**WORK TO BE COMPLETED**
Line by line, give the data again exactly as it appears, but without pictures.

(TASK INPUT)

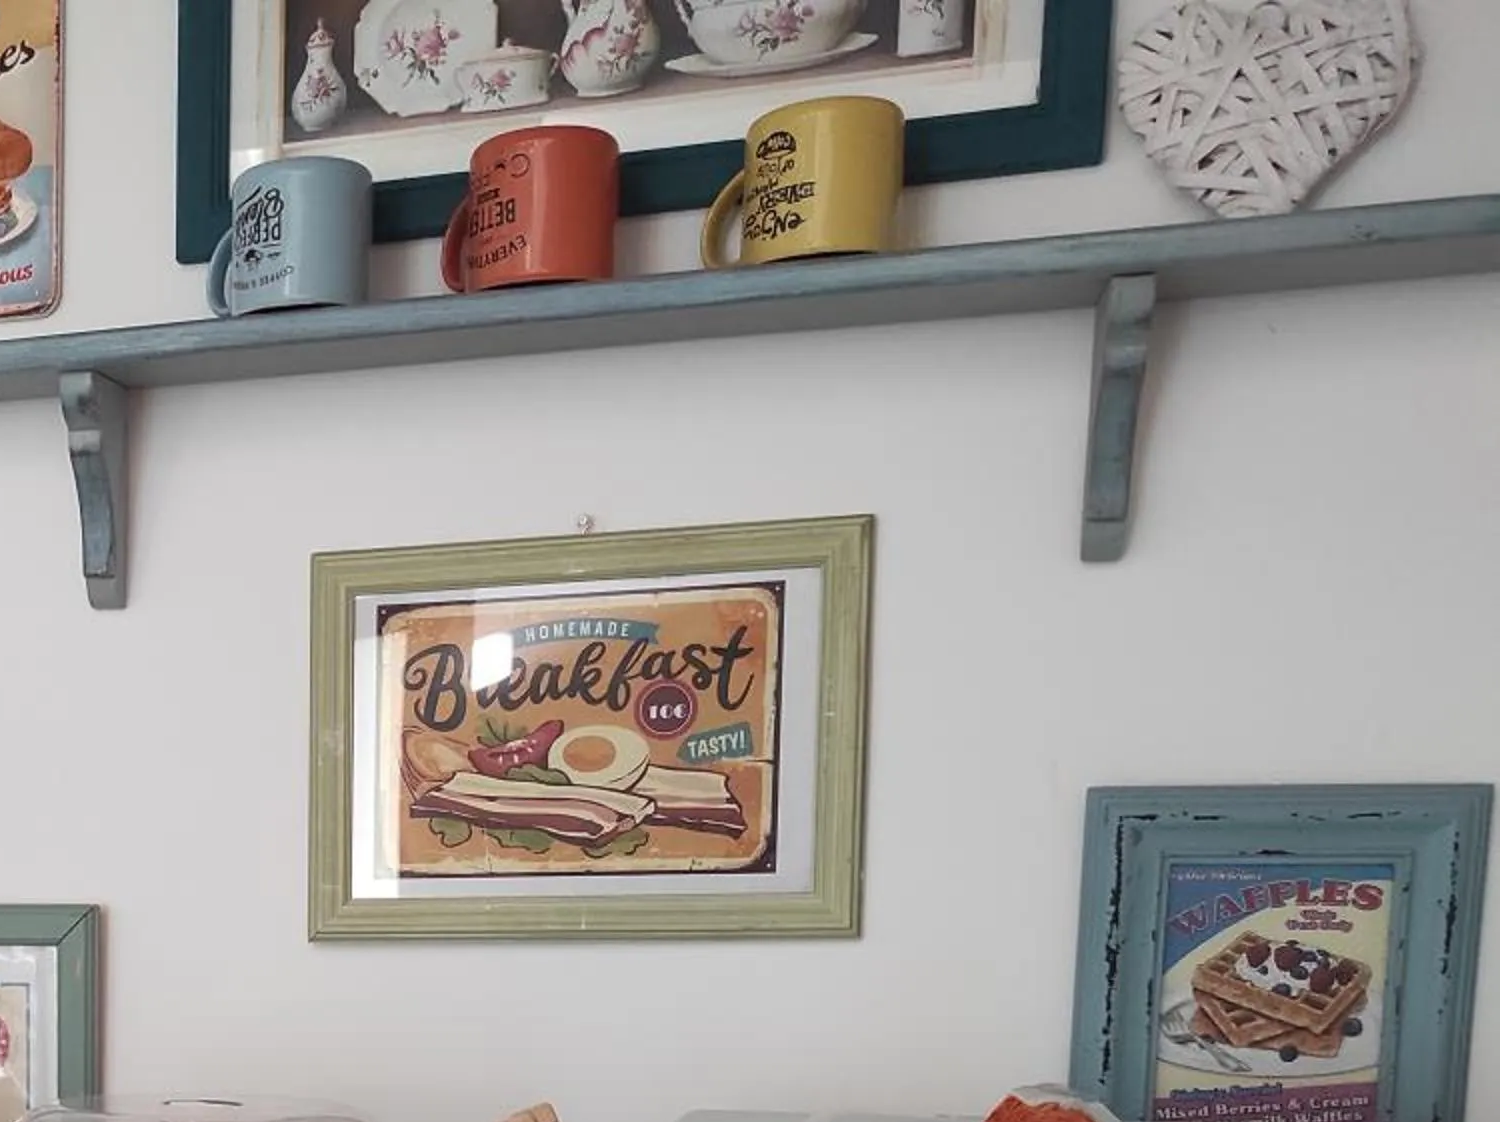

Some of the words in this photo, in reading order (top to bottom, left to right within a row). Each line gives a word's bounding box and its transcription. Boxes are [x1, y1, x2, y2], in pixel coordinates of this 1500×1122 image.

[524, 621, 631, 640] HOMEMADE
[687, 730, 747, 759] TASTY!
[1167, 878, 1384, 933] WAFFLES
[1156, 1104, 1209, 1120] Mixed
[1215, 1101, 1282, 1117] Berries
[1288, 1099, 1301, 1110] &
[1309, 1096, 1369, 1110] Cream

(End TASK INPUT)

**SOLUTION BELOW**
Some of the words in this photo, in reading order (top to bottom, left to right within a row). Each line gives a word's bounding box and its transcription. Boxes are [x1, y1, x2, y2], in pixel coordinates of this 1500×1122 image.

[524, 621, 631, 640] HOMEMADE
[687, 730, 747, 759] TASTY!
[1167, 878, 1384, 933] WAFFLES
[1156, 1104, 1209, 1120] Mixed
[1215, 1101, 1282, 1117] Berries
[1288, 1099, 1301, 1110] &
[1309, 1096, 1369, 1110] Cream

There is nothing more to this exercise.